Editora UFMG lança obra sobre história e ciência da produção cartográfica da América Portuguesa

Ana Maria Vieira

A um canto de um açougue italiano do século 19, pilhas de papel aguardavam o momento para envolver as carnes adquiridas pelos clientes. A qualidade do papel, no entanto, era invulgar, pois o conjunto abrigava documentos em pergaminho, dentre os quais, soube-se mais tarde, o Planisfério de Cantino. Resgatado por um connaisseur, o mapa encontra-se hoje em Módena, na Itália. Para o Brasil, a história, sem trocadilhos, possui sabor especial, uma vez que a peça é considerada a mais antiga representação cartográfica existente sobre o país.

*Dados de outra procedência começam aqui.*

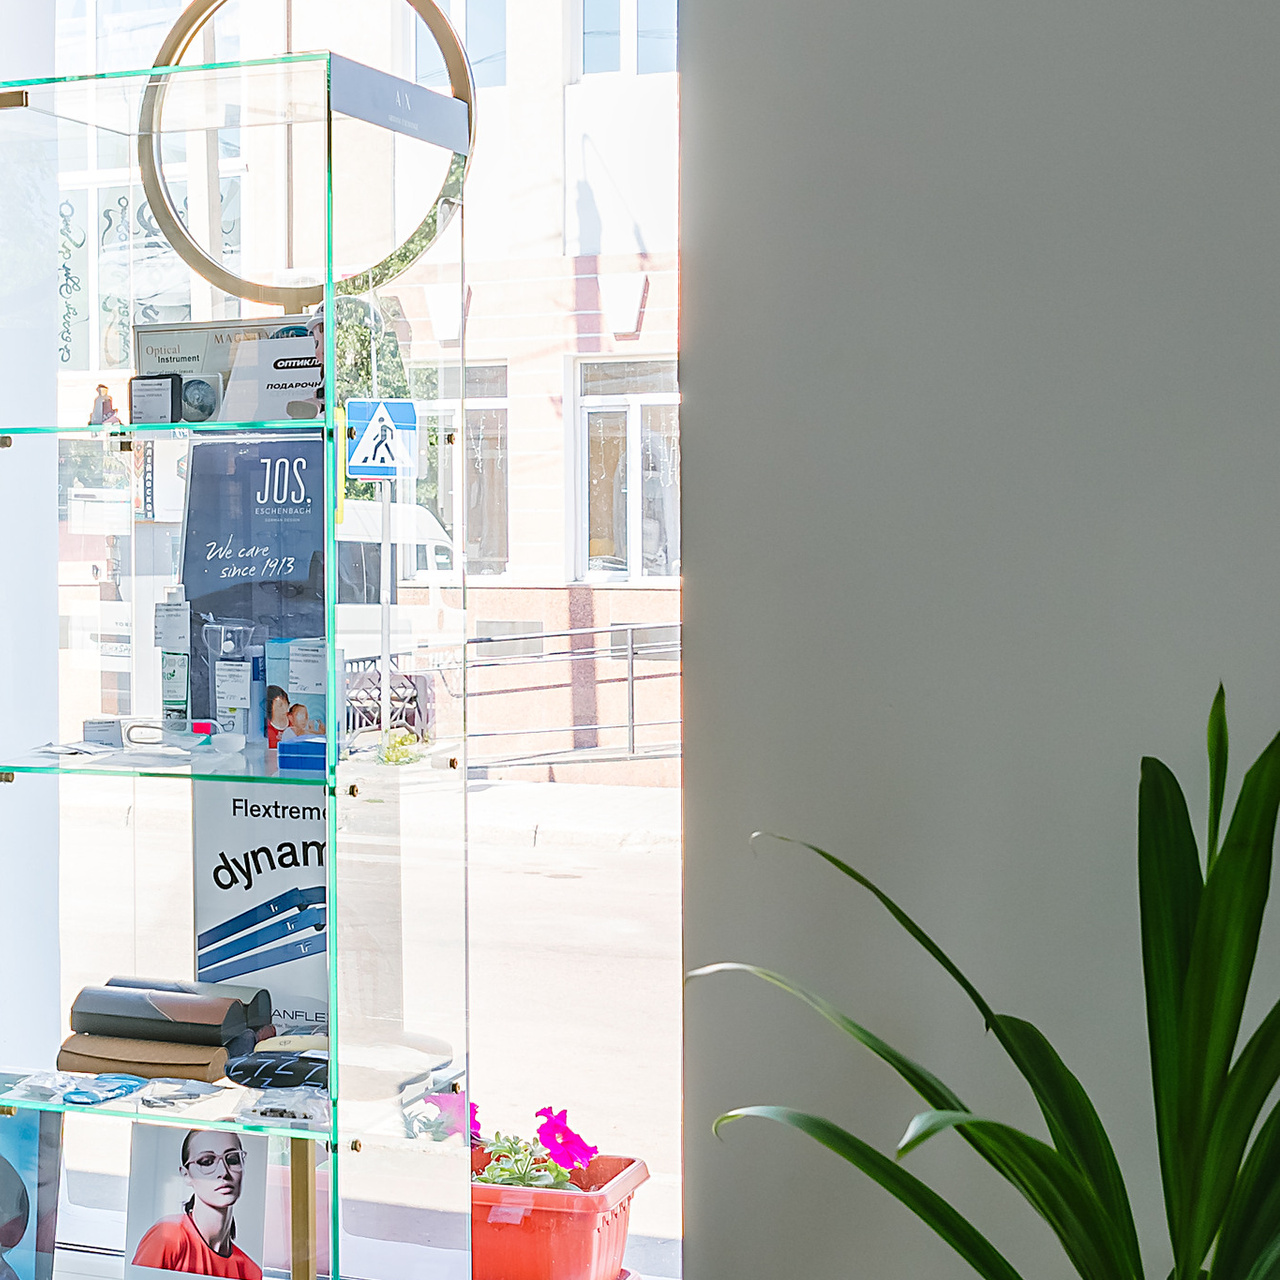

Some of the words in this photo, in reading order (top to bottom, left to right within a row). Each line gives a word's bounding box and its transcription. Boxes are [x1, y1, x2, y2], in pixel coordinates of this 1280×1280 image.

Produzido em 1500, conforme relatos correntes, o Planisfério é, na realidade, fruto de modalidade de espionagem e suborno do tempo das grandes navegações. Ele teria sido copiado de peça original portuguesa, em ação protagonizada por Alberto Cantino, enviado a Lisboa com esse fim pelo Duque de Ferrara.

Pouco difundida entre o público brasileiro, a obra pode ser apreciada agora junto com outros 257 documentos cartográficos reunidos em livro da Editora UFMG, organizado pelo professor Antônio Gilberto da Costa, do Instituto de Geociências. Denominado Roteiro prático de cartografia: da América Portuguesa ao Brasil Império, o estudo traz contribuições dos pesquisadores Max Justo Guedes, Beatriz Piccolotto Siqueira Bueno, Márcia Maria Duarte Santos, além do próprio organizador. Em circulação no país desde dezembro de 2007, o Roteiro será lançado esta semana em Portugal e já despertou o interesse da Universidade de Salamanca, envolvida em projeto de estudos da relação Brasil-Espanha.

Lacuna

A obra integra série destinada a preencher lacuna na bibliografia nacional sobre o tema cartografia histórica. “Nossa produção é quase inexistente nessa área”, avalia Antônio Gilberto da Costa. No esforço de suprir a deficiência, já foram publicados outros três livros: Cartografia das Minas Gerais: da capitania à província; Cartografia da conquista do território das Minas e Os caminhos do ouro e a Estrada Real. O próximo projeto da série deverá compreender o período republicano.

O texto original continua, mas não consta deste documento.